No; it was his habitual manner of speaking. She cast her compassionate eyes on Betsey Travice, just as Charlotte would have cast her indignant ones. But Betsey was used to him, and did not feel the degradation.
"Now, mother, don't you worry your inside out after that girl," he said, as Mrs. Dundyke, for the fiftieth time, plunged into the kitchen, groaning over the shortcomings of the servant. "You won't live no longer for it. Betsey, just put them two squalling chickens down, and pour me out a drop more tea; make yourself useful if you can till mother comes back. Won't you take no more, Miss Arkell?"
"Betsey," asked Mildred, in a low tone, as they were alone for a few minutes when Mildred was about to leave, "do you like Mr. David Dundyke?"
Betsey's face was sufficient answer.
"I think you ought not to be too precipitate to say you will do this or do the other. You are young, Mr. Dundyke is young, and—and—if you had had more experience in the world, you might not have engaged yourself to him."
"Thank you kindly; that is just as Charlotte says. But we are not going to marry yet."
"Betsey—you will excuse me for saying it: if I speak, it is for your own sake—do you consider Mr. Dundyke, with his—his apparently imperfect education, is suitable for you?"
"Indeed," answered Betsey, "his education is better than it appears. He has fallen into this odd way of speaking from habit, from association with his mother. She speaks so, you must perceive. He rather prides himself upon keeping it up, upon not being what he calls fine. And he is so clever in his business!"
Mildred could not at all understand that sort of "pride." Betsey Travice noticed the gravity of her eye.
"What education have I had, Miss Arkell? None. I learnt to read, and write, and spell, and I learnt nothing more.

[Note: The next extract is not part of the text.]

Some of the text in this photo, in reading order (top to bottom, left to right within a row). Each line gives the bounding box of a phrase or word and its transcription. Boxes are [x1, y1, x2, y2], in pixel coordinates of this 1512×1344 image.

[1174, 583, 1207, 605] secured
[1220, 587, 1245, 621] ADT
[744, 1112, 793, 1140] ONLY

If I speak as a lady, it is because I was born to it, because papa and mamma and Charlotte so spoke, not from any advantages they gave me. I have been kept down all my life. Charlotte was made a lady of, and I was made to work. When I was only six years old I had to wait on mamma and Charlotte. I am not complaining of this; I like work; but I mention it, to ask you in what way, remembering these things, I am better than David Dundyke?"
In truth, Mildred could not say.
"What am I now but a burden on his mother?" continued Betsey. "In one sense I repay my cost; for, if I were not here, she would have to take a servant for the two little children. I have no prospects at all; I have nobody in the world to help me; indeed, Miss Arkell, it is generous of David to ask me to be his wife."

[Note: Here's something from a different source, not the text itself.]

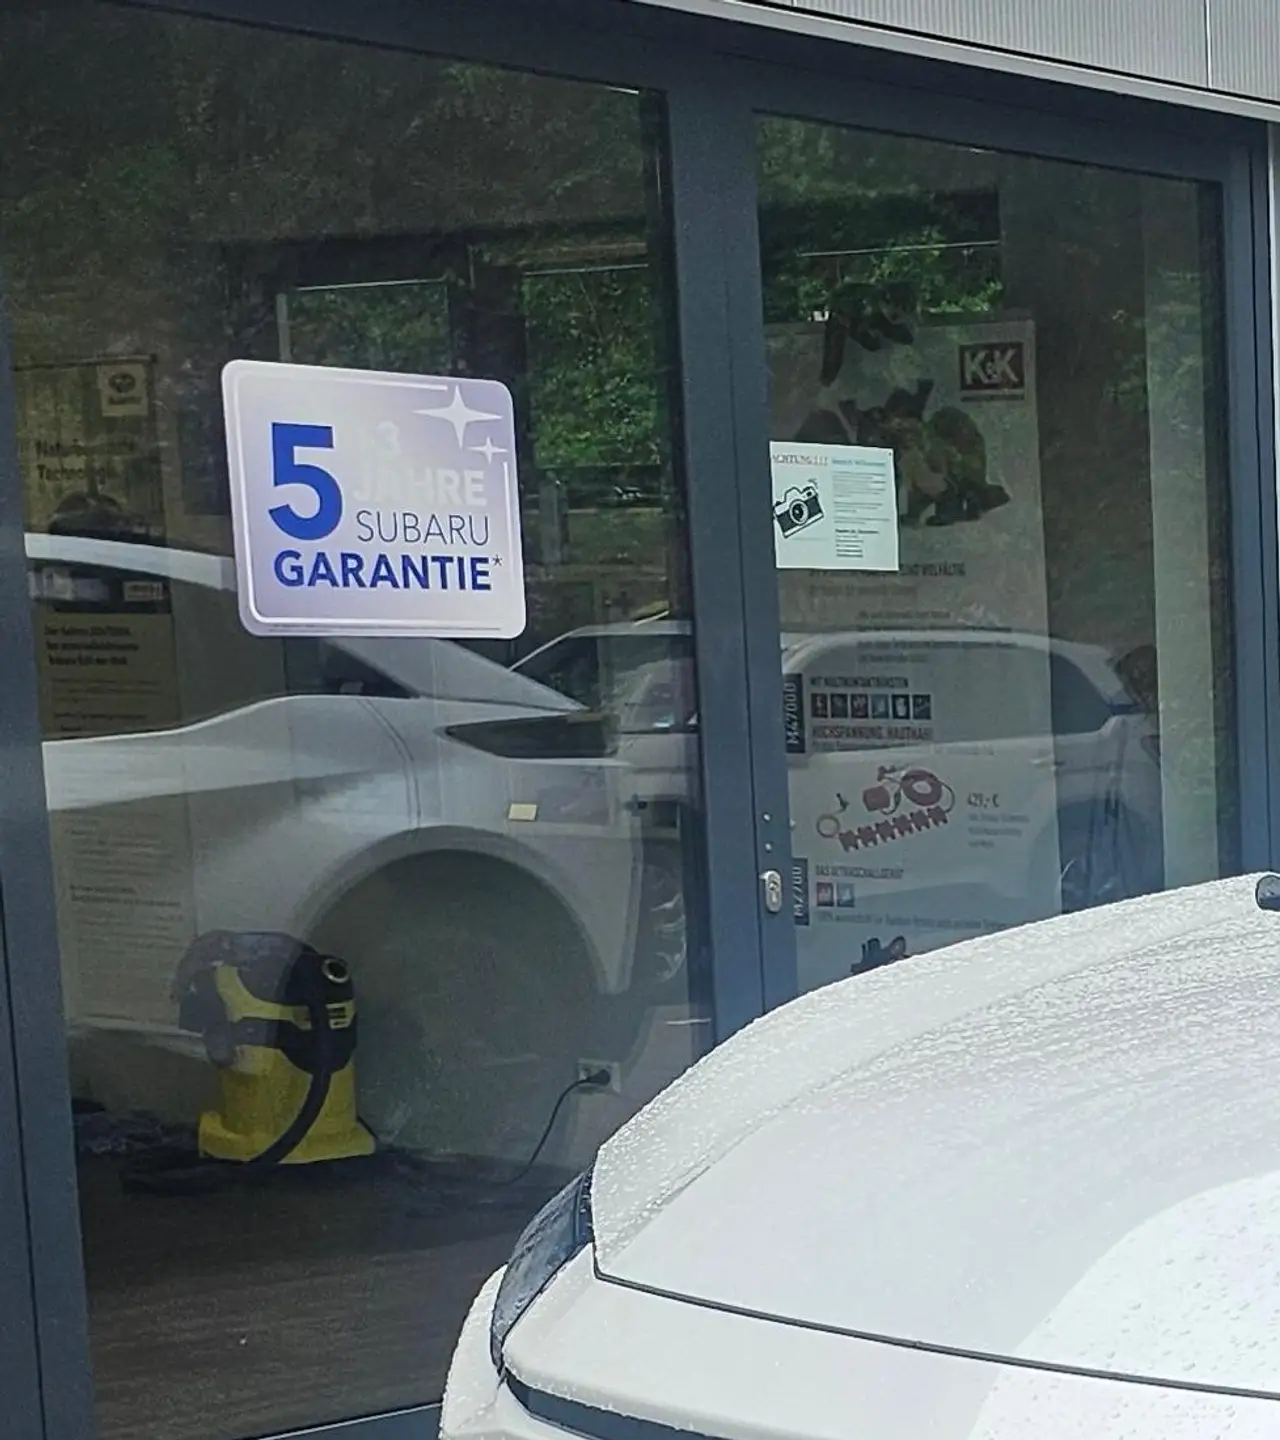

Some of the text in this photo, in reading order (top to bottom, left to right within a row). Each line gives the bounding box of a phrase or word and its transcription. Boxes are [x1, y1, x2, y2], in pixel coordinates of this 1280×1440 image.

[268, 421, 488, 542] 5 JAHRE
[355, 510, 490, 547] SUBARU
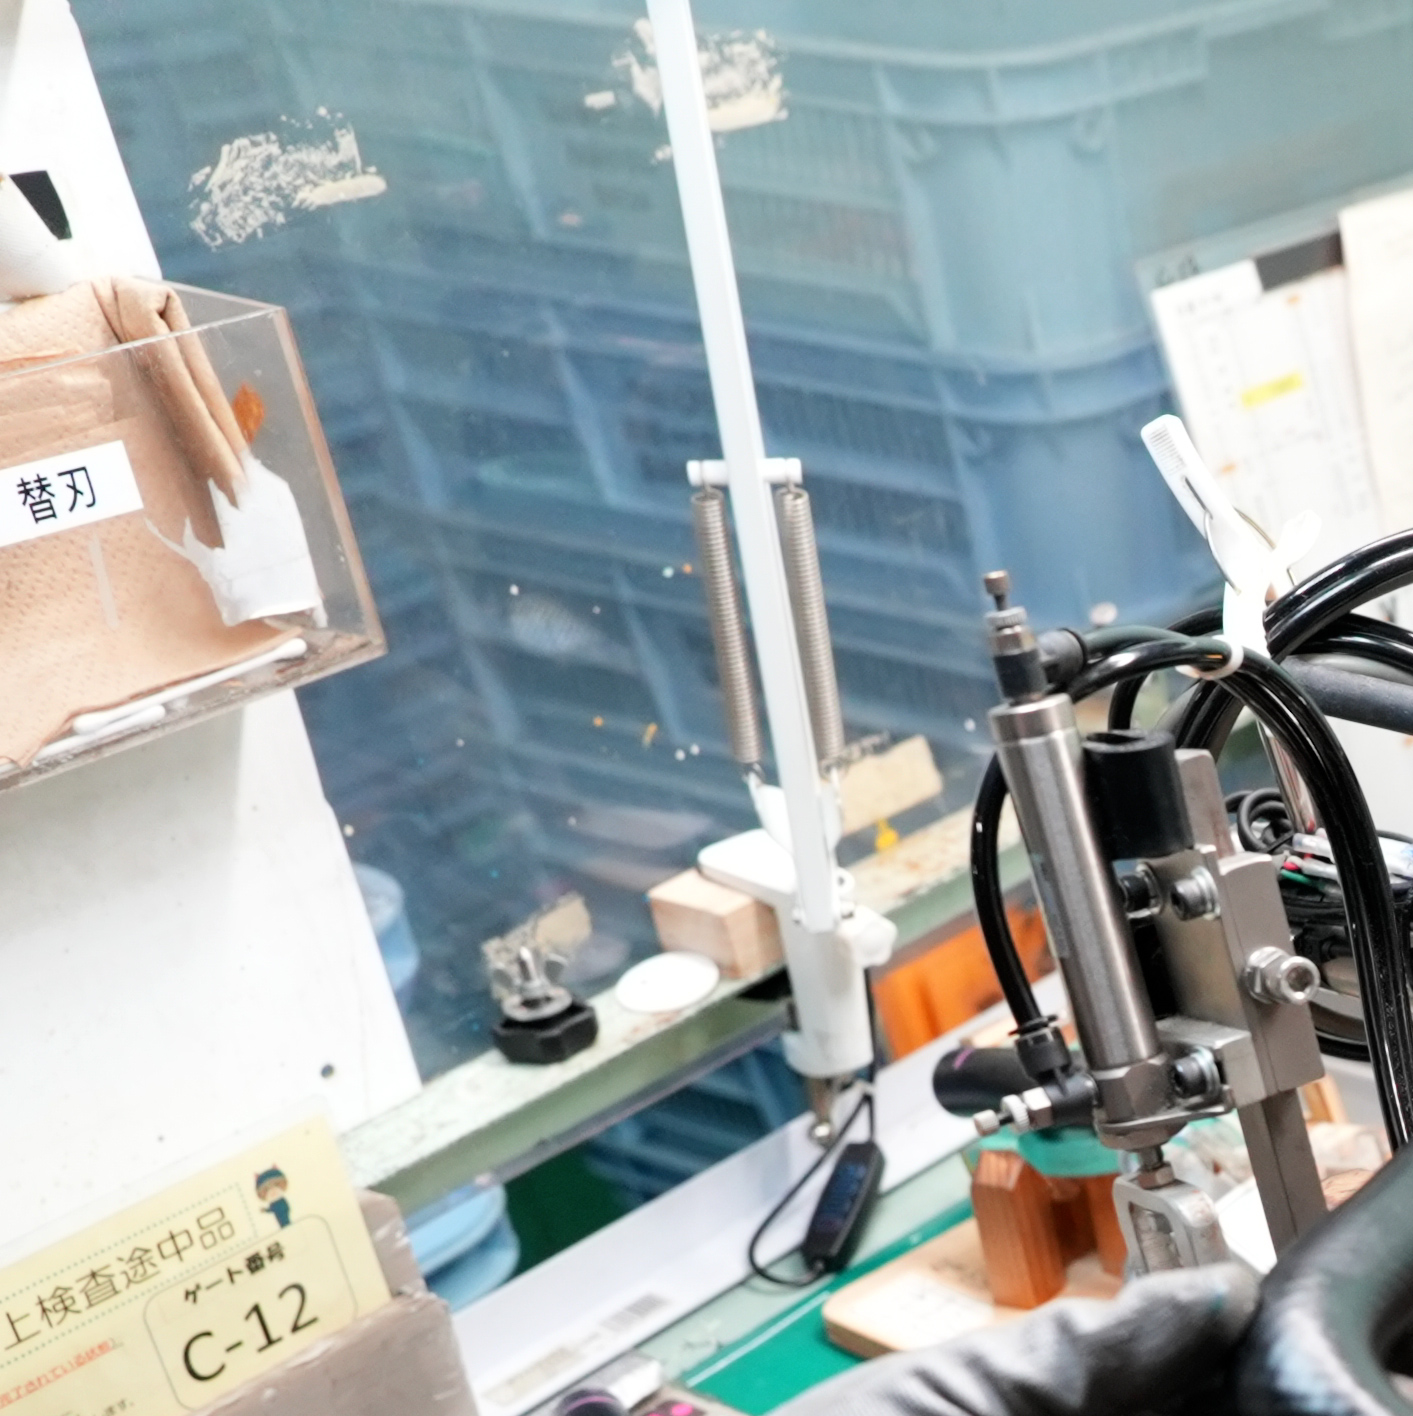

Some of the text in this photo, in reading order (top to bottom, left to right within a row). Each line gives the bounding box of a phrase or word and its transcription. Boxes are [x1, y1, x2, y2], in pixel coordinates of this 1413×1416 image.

"You might find a home with your sister, now she has one. You ought to have it with her."
Betsey shook her head. "You don't know Charlotte," was all she answered.
Mildred dropped the subject. She took a ring from her purse, an emerald set round with pearls, and put it into Betsey's hand.

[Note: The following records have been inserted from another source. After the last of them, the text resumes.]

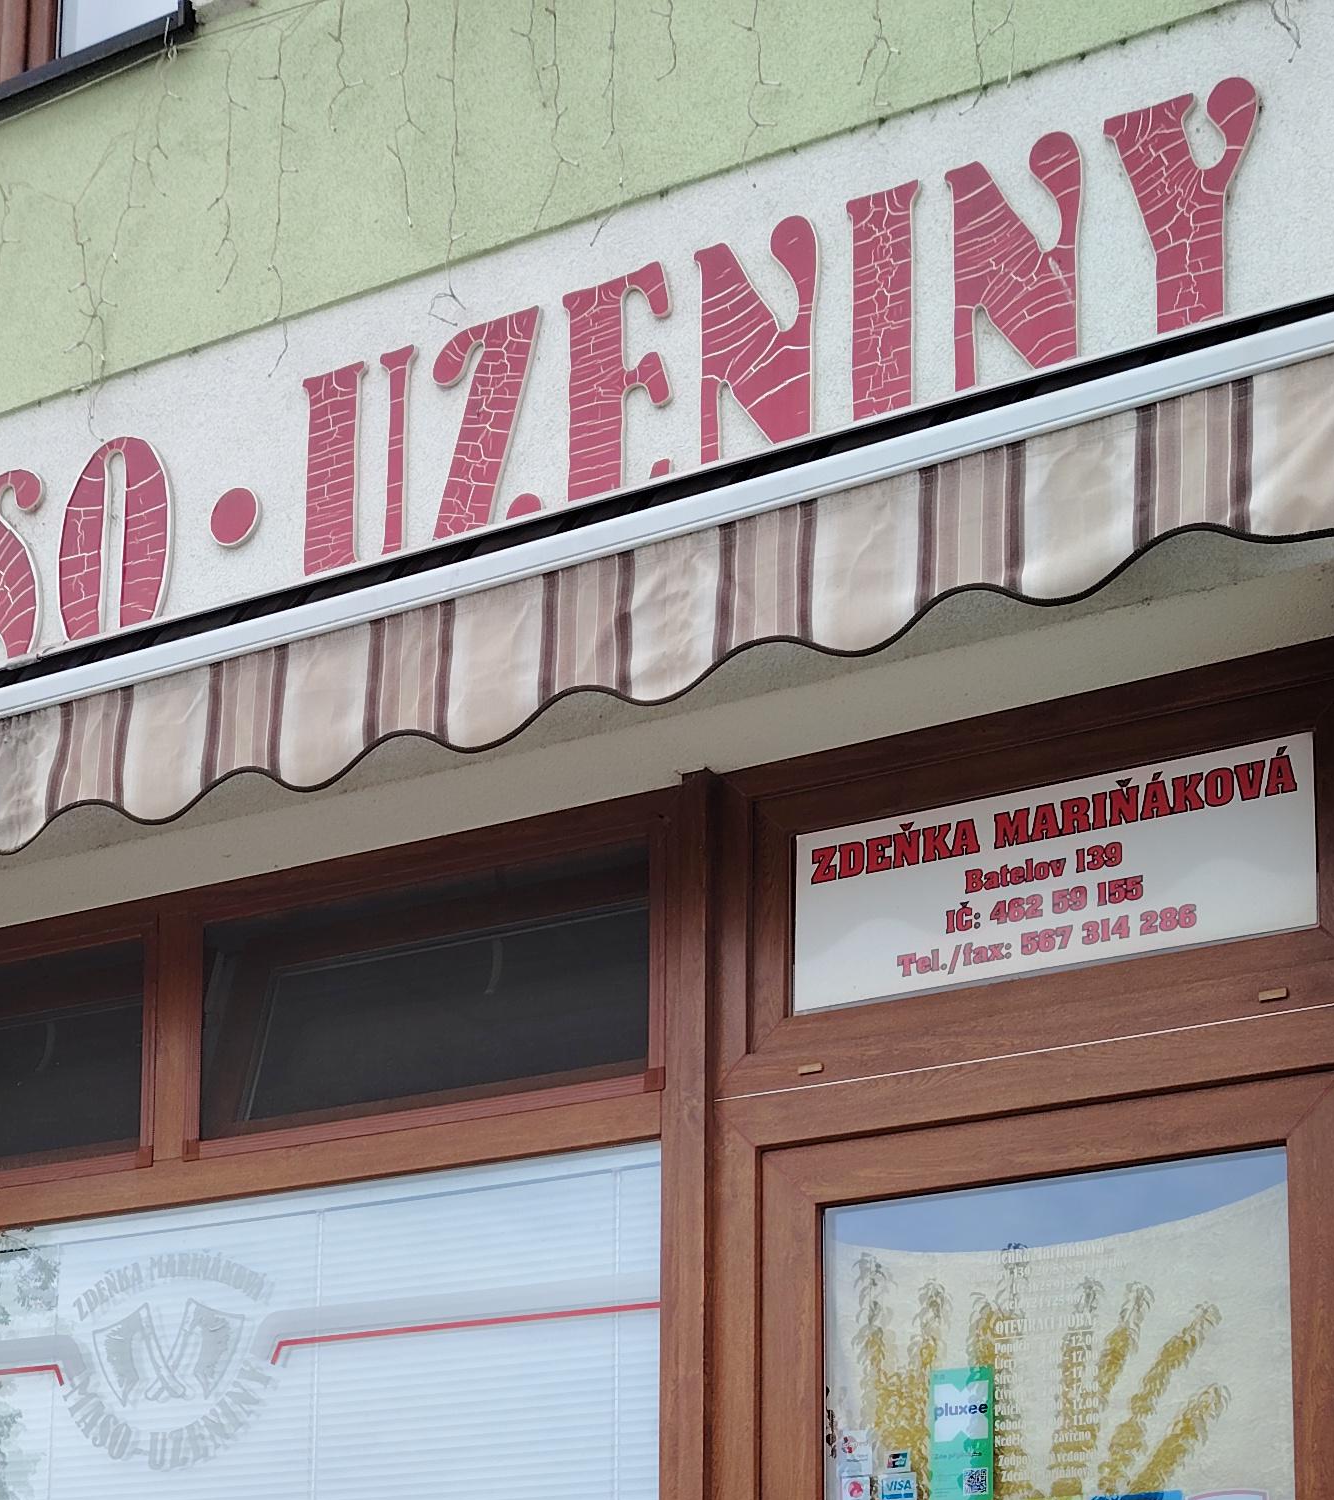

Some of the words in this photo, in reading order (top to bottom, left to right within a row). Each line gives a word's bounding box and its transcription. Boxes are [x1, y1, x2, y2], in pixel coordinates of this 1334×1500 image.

[302, 76, 1260, 577] UZENINY
[810, 818, 981, 885] ZDEŇKA
[993, 746, 1299, 849] MARIŇÁKOVÁ
[964, 857, 1067, 894] Batelov
[1075, 841, 1124, 873] 139
[945, 901, 982, 935] IČ:
[989, 893, 1044, 926] 462
[1051, 887, 1087, 917] 59
[1096, 874, 1144, 907] 155
[896, 938, 1013, 978] Tel./fax:
[1020, 925, 1070, 957] 567
[1081, 912, 1131, 946] 314
[1140, 902, 1198, 937] 286
[933, 1402, 988, 1421] pluxee
[886, 1479, 912, 1491] VISA

"It was my mother's," she said, "and I brought it for you. She had two of these rings just alike; one of them had belonged to a sister of hers who died. I wear the other—see! My mother was very poor, Betsey, or she might have left something worth the acceptance of you, her goddaughter."
Betsey Travice burst into tears, partly at the kind words, partly at the munificence of the gift, for she had never possessed so much as a brass ring in all her life.
"It is too good for me," she said; "I ought not to take it from you. I would not, but for your having one like it. What have I done that you should all be so kind to me? But I will never part with the ring."
And, indeed, the contrast between the kindness to her of the Arkells generally and the unfeeling behaviour of her sister Charlotte, could but mark its indelible trace on even the humble mind of Betsey Travice.
"Has Charlotte come home?" she asked.
"Have you heard from her?" exclaimed Mildred in astonishment. "She came home before I left Westerbury."
Betsey shook her head. "We are not to keep up any correspondence; Charlotte said it would not do; that our paths in life lay apart; hers up in the world, mine down; and she did not care to own me for a sister. Of course I know I am inferior to Charlotte, and always have been; but still–"
Betsey broke down. The grieved heart was full.